> **Brief**
Find the line that contains "Some of the words". Restate it and each following line exactly, through the end of the records.

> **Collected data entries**

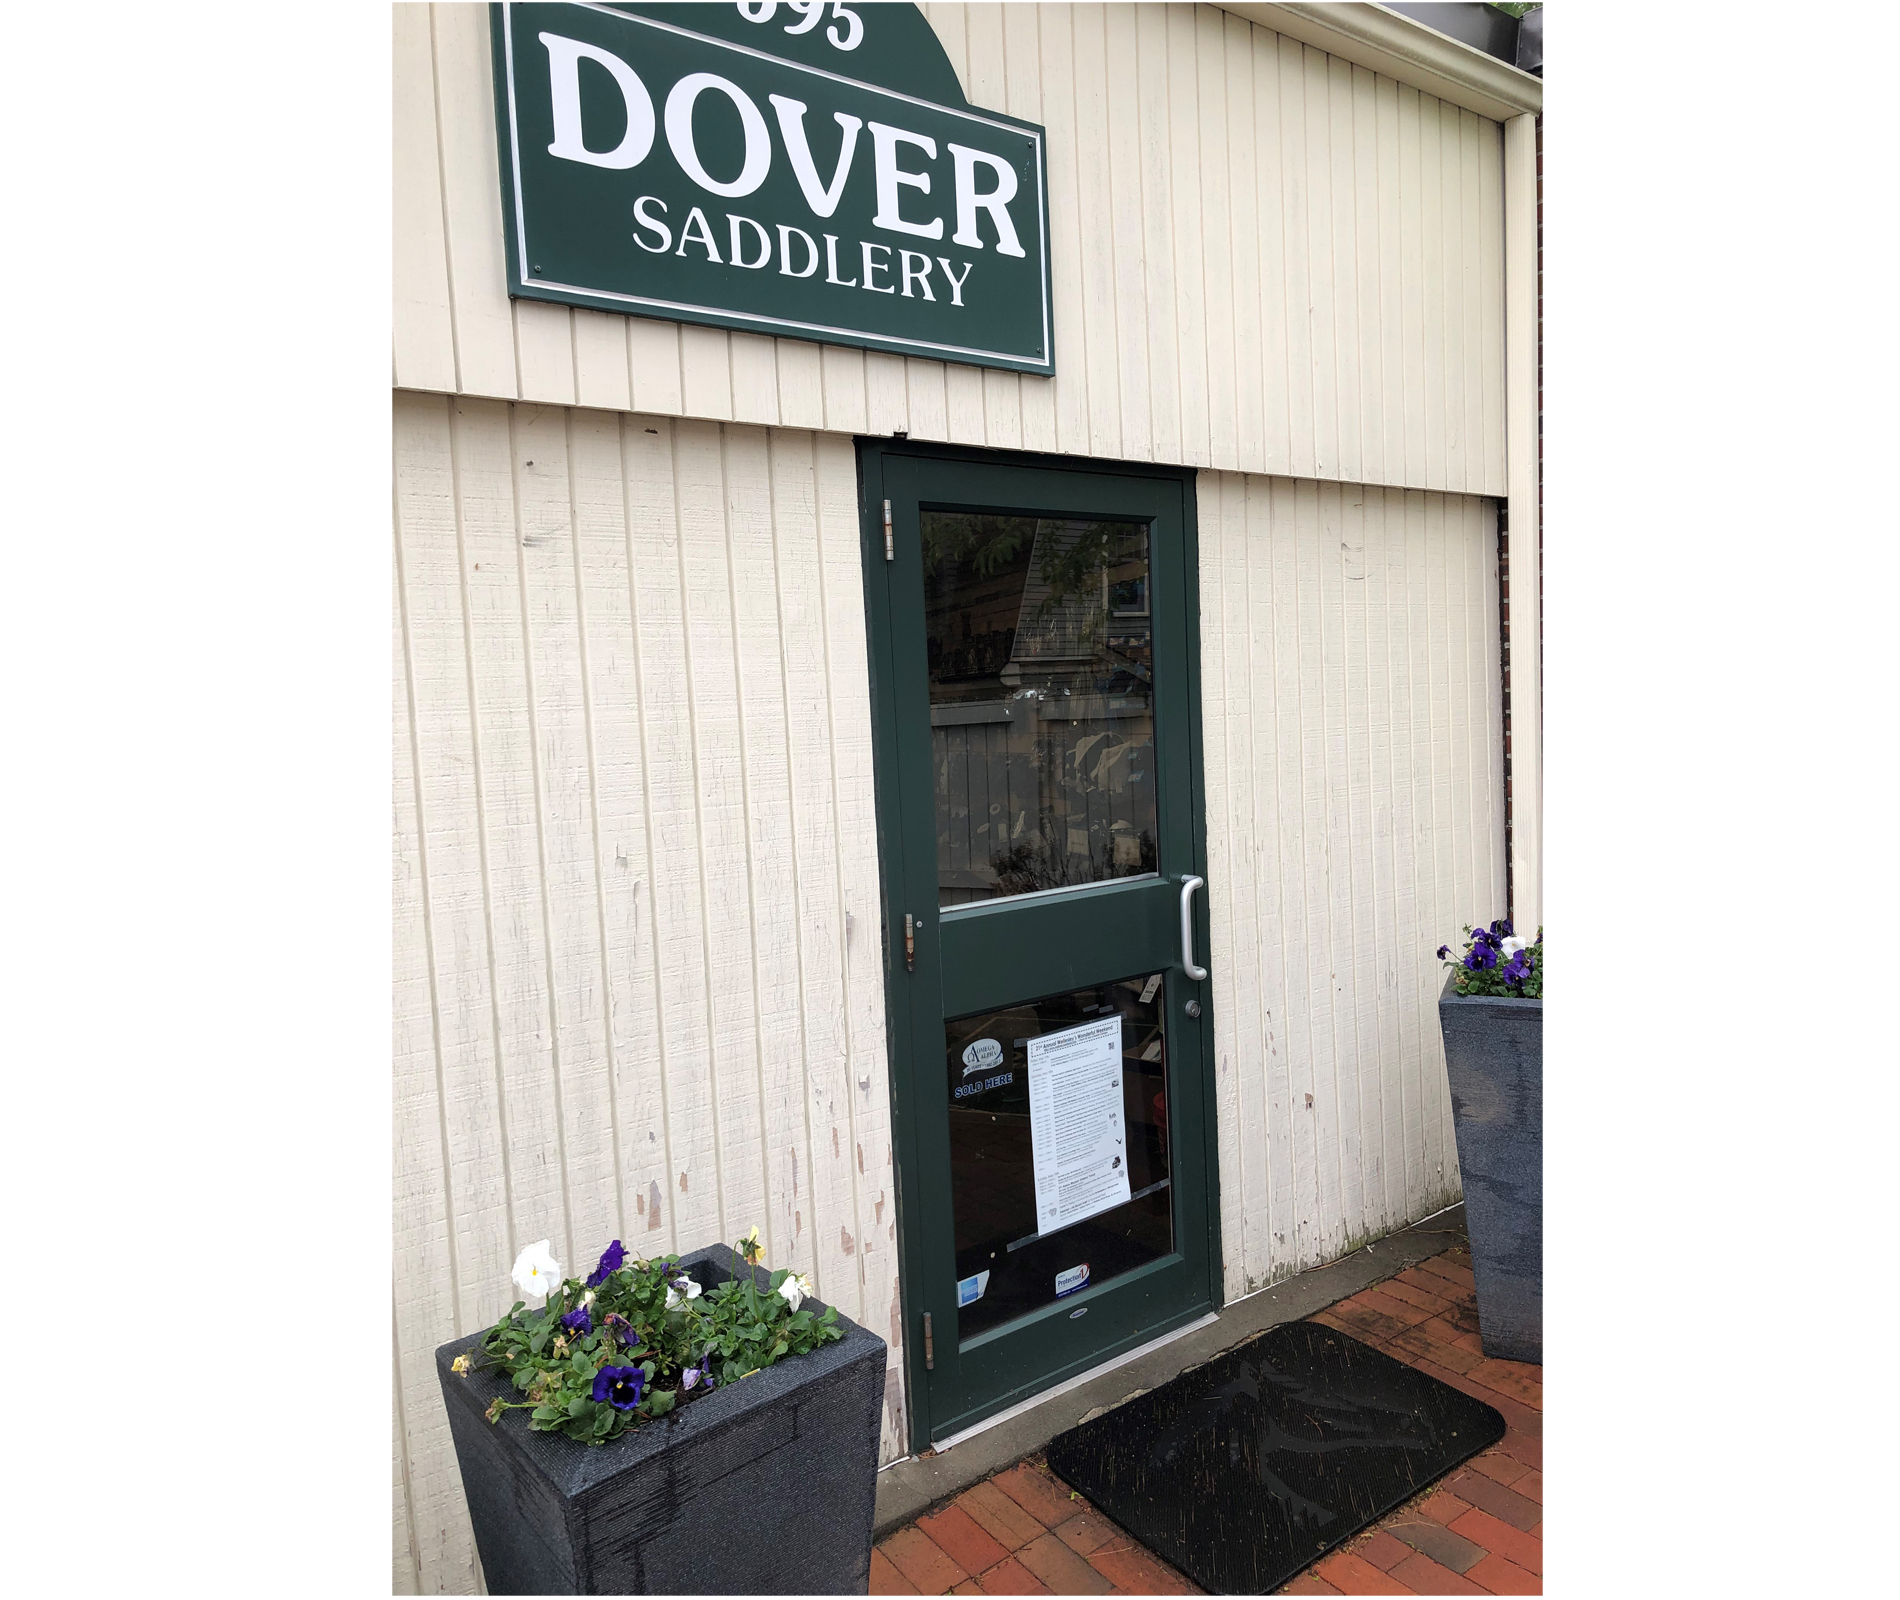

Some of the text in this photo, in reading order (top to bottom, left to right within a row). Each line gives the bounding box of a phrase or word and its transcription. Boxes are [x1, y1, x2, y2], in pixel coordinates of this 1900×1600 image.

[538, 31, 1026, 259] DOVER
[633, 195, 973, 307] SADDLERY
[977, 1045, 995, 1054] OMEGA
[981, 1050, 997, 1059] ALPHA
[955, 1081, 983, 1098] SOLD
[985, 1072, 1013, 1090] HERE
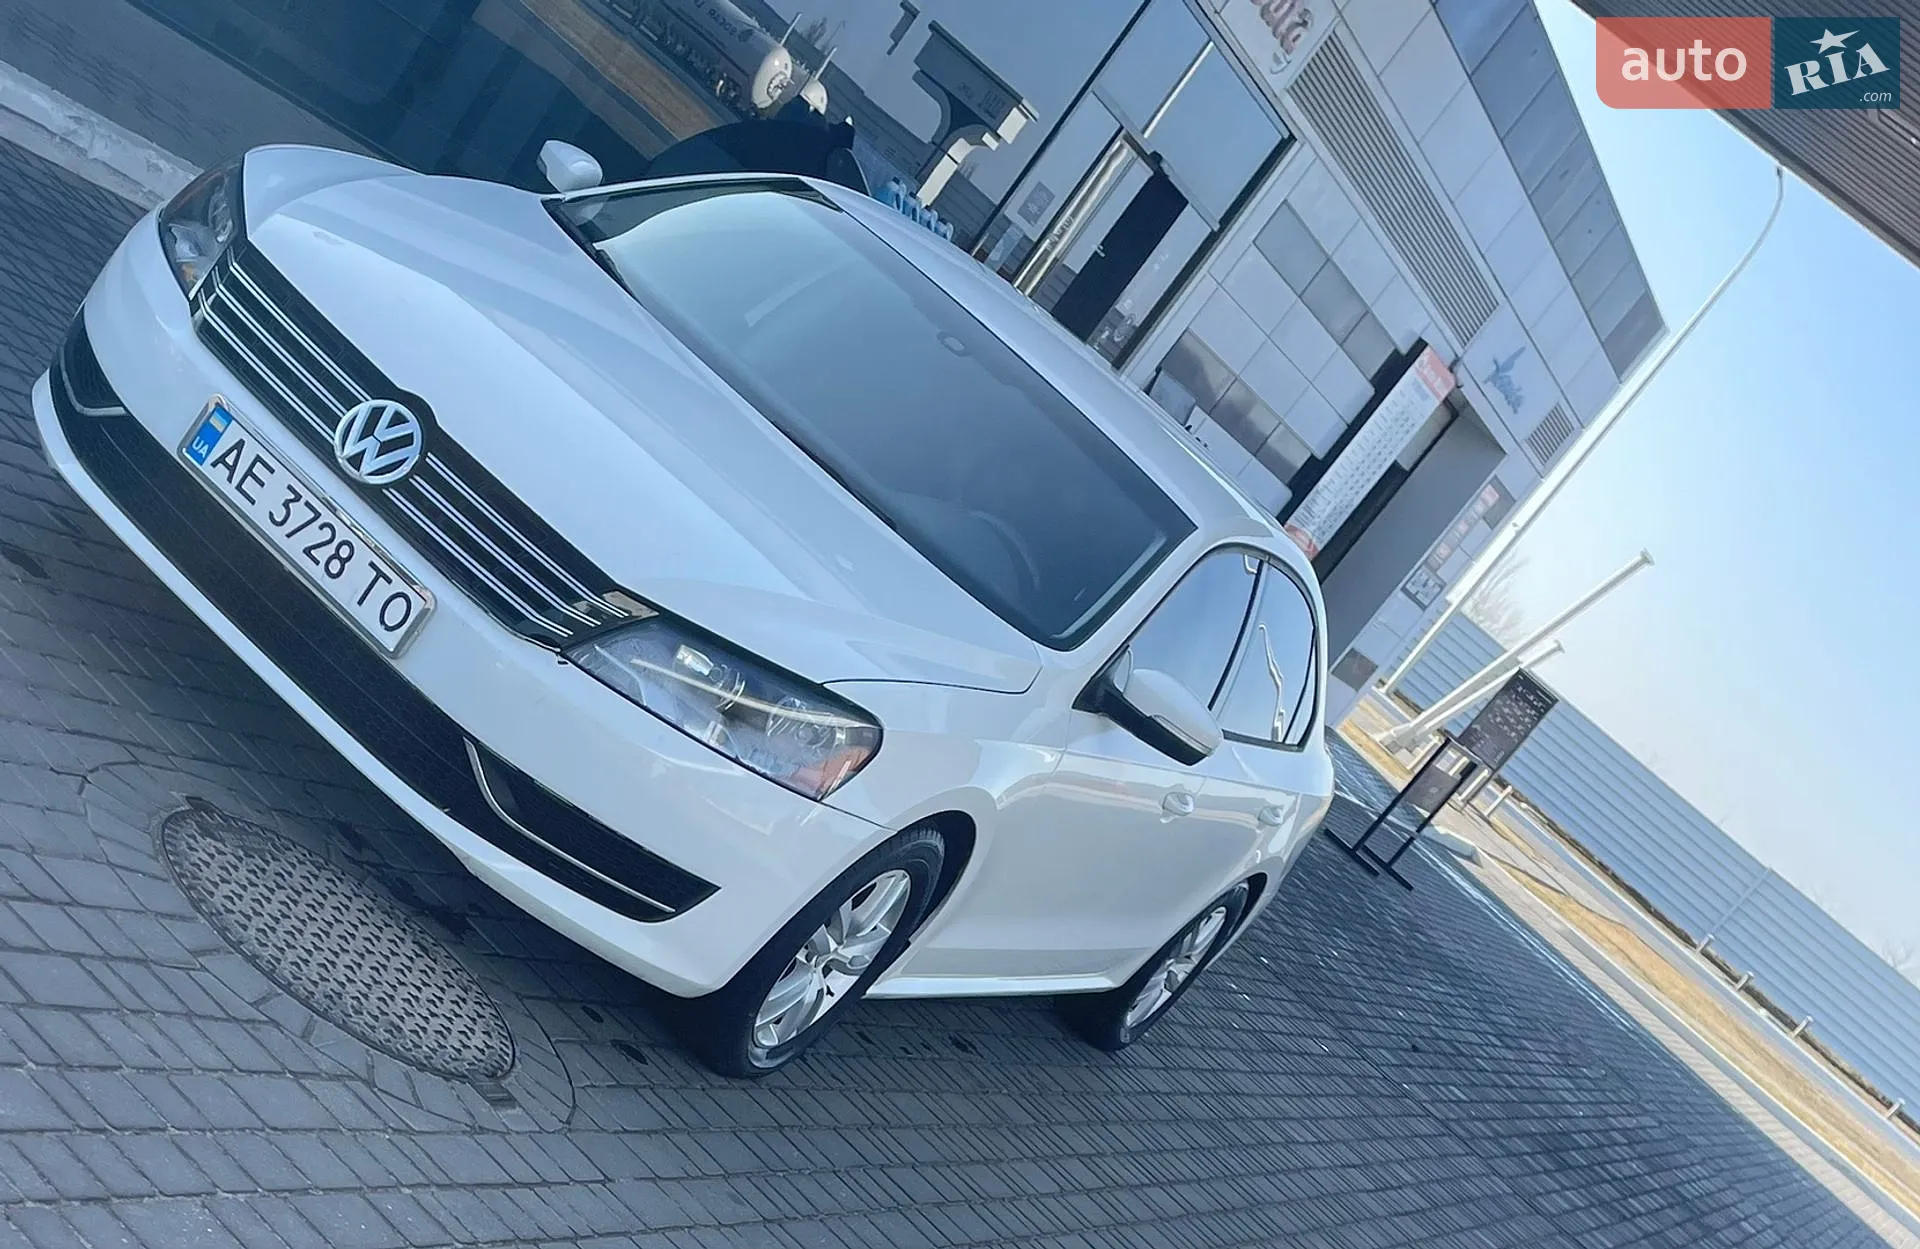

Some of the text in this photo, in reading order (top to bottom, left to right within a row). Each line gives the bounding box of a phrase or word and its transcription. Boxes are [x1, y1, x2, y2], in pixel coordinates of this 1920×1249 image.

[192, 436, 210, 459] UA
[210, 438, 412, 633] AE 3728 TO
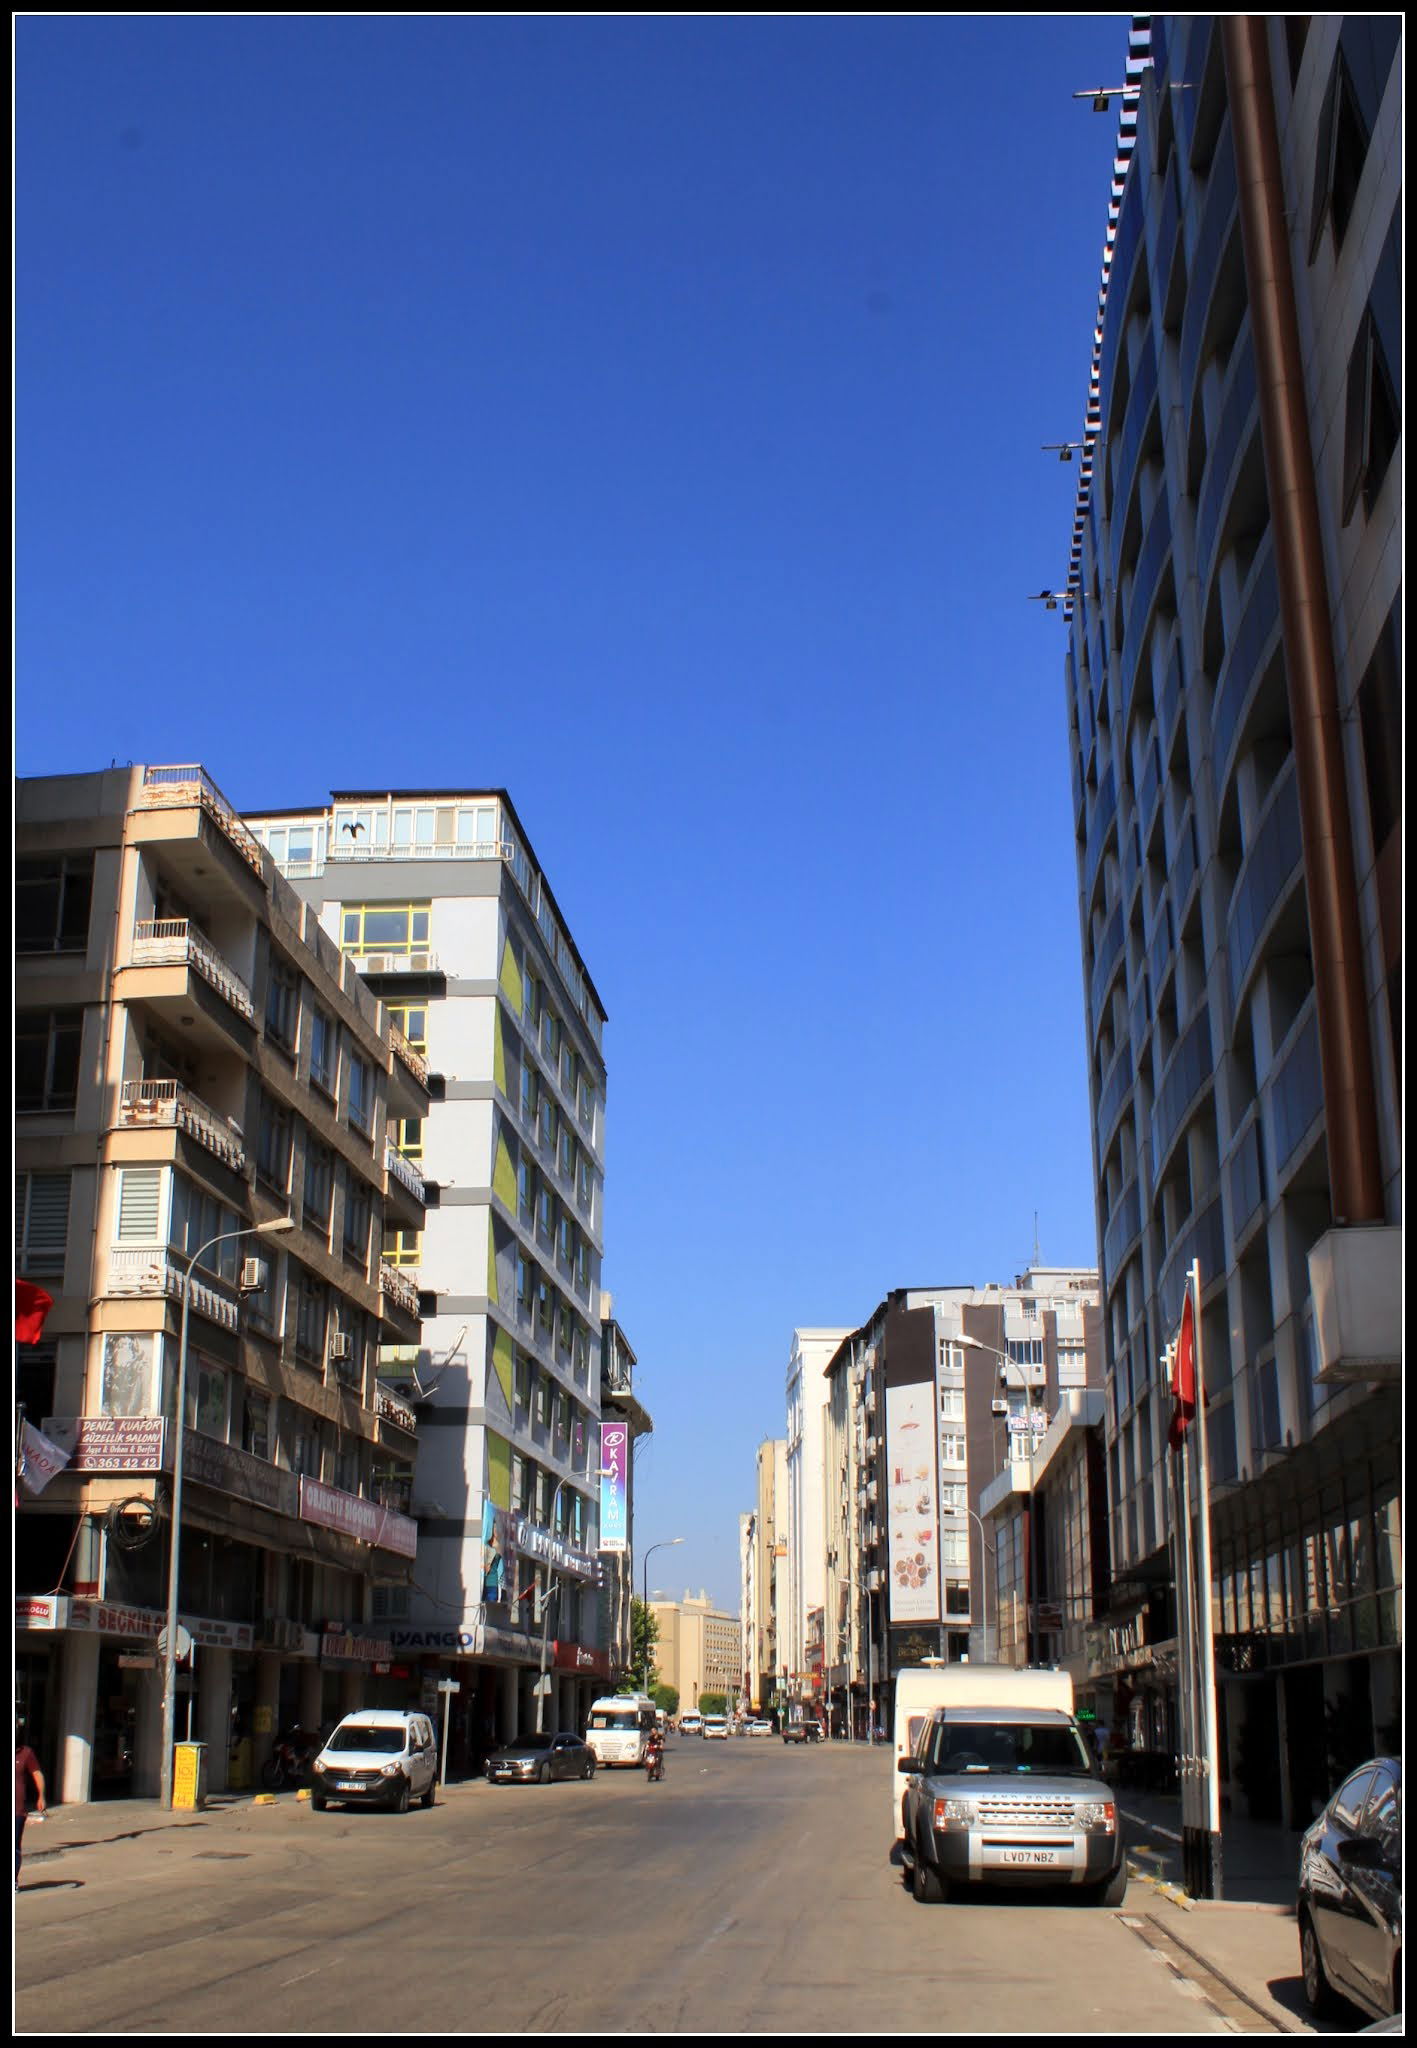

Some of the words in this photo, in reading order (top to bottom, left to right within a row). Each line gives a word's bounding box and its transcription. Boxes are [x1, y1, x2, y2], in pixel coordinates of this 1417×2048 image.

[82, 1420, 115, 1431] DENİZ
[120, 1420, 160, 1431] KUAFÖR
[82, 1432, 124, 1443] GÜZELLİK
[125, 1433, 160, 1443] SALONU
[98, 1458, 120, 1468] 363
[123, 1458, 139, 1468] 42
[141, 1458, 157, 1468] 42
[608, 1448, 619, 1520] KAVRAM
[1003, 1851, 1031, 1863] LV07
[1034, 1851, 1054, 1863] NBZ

> **Solution to this task**
Some of the words in this photo, in reading order (top to bottom, left to right within a row). Each line gives a word's bounding box and its transcription. Boxes are [x1, y1, x2, y2], in pixel coordinates of this 1417×2048 image.

[82, 1420, 115, 1431] DENİZ
[120, 1420, 160, 1431] KUAFÖR
[82, 1432, 124, 1443] GÜZELLİK
[125, 1433, 160, 1443] SALONU
[98, 1458, 120, 1468] 363
[123, 1458, 139, 1468] 42
[141, 1458, 157, 1468] 42
[608, 1448, 619, 1520] KAVRAM
[1003, 1851, 1031, 1863] LV07
[1034, 1851, 1054, 1863] NBZ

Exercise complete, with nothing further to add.